| What is expected |
Copy the data exactly. No line may be skipped.

>>>>

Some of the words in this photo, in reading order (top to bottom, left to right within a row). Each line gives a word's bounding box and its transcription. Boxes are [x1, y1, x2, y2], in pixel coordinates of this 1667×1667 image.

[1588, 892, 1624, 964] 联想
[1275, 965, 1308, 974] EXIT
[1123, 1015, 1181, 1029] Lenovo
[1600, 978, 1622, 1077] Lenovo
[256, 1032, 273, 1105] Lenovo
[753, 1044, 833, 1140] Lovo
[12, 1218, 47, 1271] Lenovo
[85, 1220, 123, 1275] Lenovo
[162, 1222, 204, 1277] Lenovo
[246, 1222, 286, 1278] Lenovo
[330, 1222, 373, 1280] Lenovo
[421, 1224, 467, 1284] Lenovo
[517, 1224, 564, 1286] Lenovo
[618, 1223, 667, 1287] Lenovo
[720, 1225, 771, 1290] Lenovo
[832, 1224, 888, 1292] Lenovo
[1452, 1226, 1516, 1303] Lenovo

<<<<

| Result of this exercise |
Some of the words in this photo, in reading order (top to bottom, left to right within a row). Each line gives a word's bounding box and its transcription. Boxes are [x1, y1, x2, y2], in pixel coordinates of this 1667×1667 image.

[1588, 892, 1624, 964] 联想
[1275, 965, 1308, 974] EXIT
[1123, 1015, 1181, 1029] Lenovo
[1600, 978, 1622, 1077] Lenovo
[256, 1032, 273, 1105] Lenovo
[753, 1044, 833, 1140] Lovo
[12, 1218, 47, 1271] Lenovo
[85, 1220, 123, 1275] Lenovo
[162, 1222, 204, 1277] Lenovo
[246, 1222, 286, 1278] Lenovo
[330, 1222, 373, 1280] Lenovo
[421, 1224, 467, 1284] Lenovo
[517, 1224, 564, 1286] Lenovo
[618, 1223, 667, 1287] Lenovo
[720, 1225, 771, 1290] Lenovo
[832, 1224, 888, 1292] Lenovo
[1452, 1226, 1516, 1303] Lenovo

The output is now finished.